Enzymes of lysosomal origin in human plasma and serum: assay conditions and parameters influencing the assay

Abstract The conditions for maximal activity (pH, buffer, saturating substrate concentration, range of linear relationships between enzyme activity versus incubation time, and versus enzyme concentration) in the fluorimetric assay of several glycohydrolases of lysosomal origin in human plasma and serum have been established. The following enzymes were studied: α-galactosidase, β-galactosidase, β - N -acetylglucosaminidase, β-glucosidase, β-glucuronidase, α-mannosidase, α-fucosidase. All examined enzymes turned out to be more or less unstable upon storage at 37°C, 4°C, and −20°C in both serum and plasma. The only exceptions were β-glucuronidase, which was stable in plasma and serum, and α-fucosidase which was stable only in plasma. Generally the degree of instability was greater in serum than in plasma.
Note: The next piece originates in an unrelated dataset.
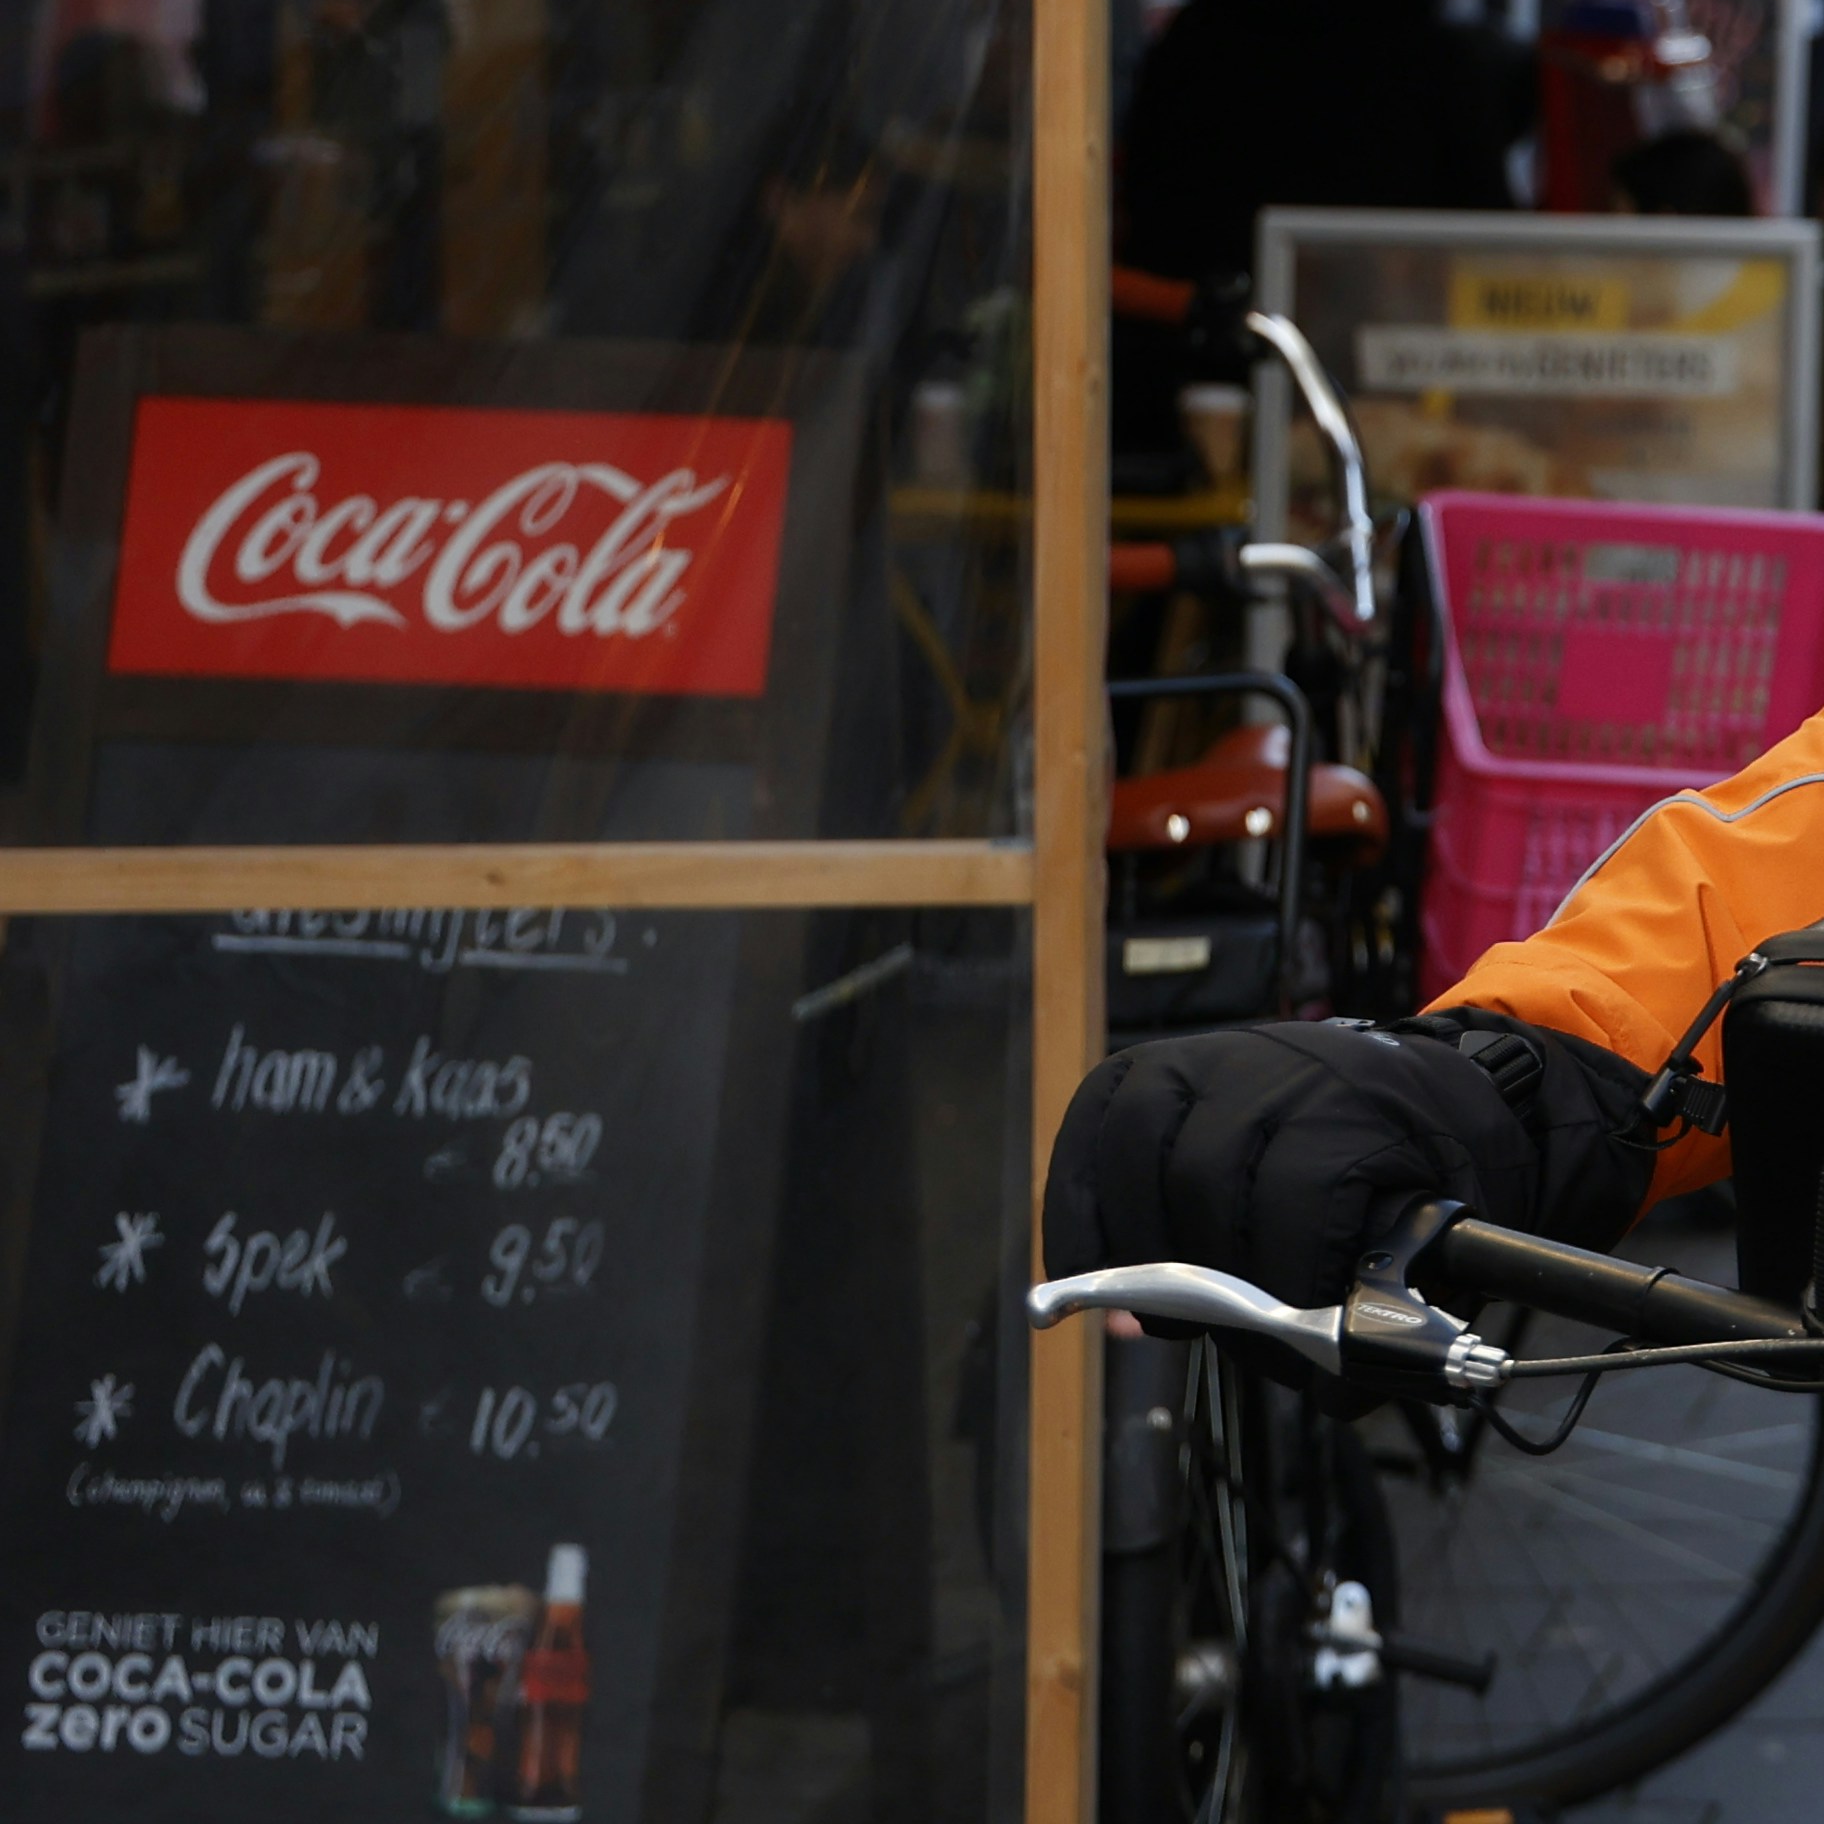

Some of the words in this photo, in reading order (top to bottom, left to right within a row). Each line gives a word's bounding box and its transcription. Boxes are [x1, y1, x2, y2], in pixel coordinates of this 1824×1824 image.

The levels of some enzymes α-galactosidase, β-galactosidase, β - N -acetyl glucosaminidase, β-glucuronidase) were markedly higher in serum than in plasma; conversely the levels of the same enzymes in “platelet free” serum equalled those in plasma. This stresses the necessity to use freshly prepared plasma for lysosomal glycohydrolase assay. Under the procedural conditions recommended for the assay the methods for the determination of lysosomal glycohydrolases in plasma appeared to be simple, sensitive and reproducible.